_Your assignment_
Give the records below again in full, exactly as written, but without any images.

====================

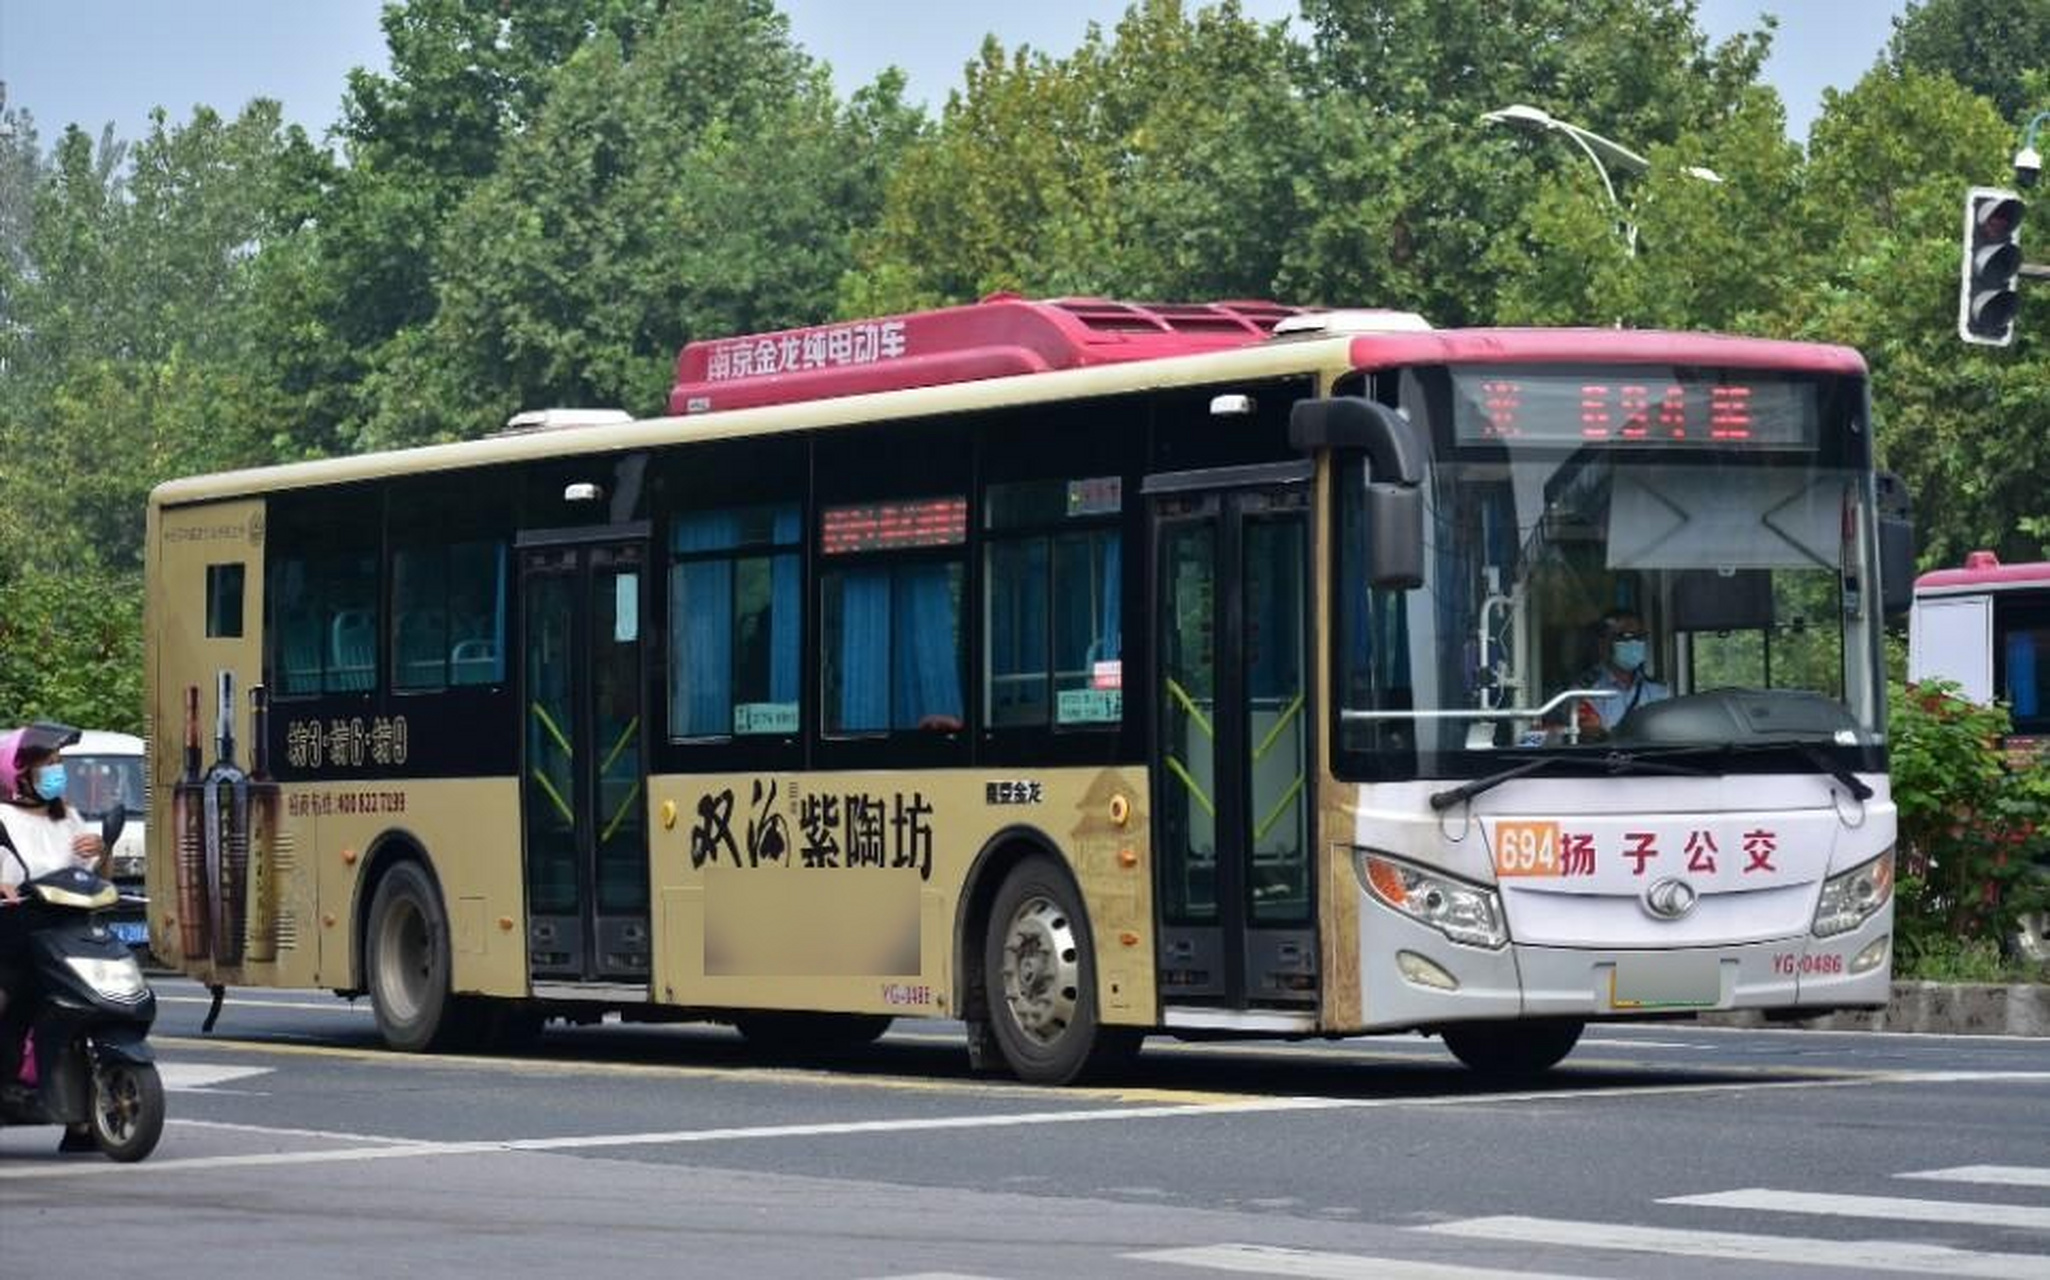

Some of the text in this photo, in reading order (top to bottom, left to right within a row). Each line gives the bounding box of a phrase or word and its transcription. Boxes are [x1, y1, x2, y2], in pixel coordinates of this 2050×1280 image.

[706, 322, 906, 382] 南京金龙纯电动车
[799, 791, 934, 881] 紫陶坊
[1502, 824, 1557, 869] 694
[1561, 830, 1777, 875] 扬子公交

====================

_Output for this exercise_
Some of the text in this photo, in reading order (top to bottom, left to right within a row). Each line gives the bounding box of a phrase or word and its transcription. Boxes are [x1, y1, x2, y2], in pixel coordinates of this 2050×1280 image.

[706, 322, 906, 382] 南京金龙纯电动车
[799, 791, 934, 881] 紫陶坊
[1502, 824, 1557, 869] 694
[1561, 830, 1777, 875] 扬子公交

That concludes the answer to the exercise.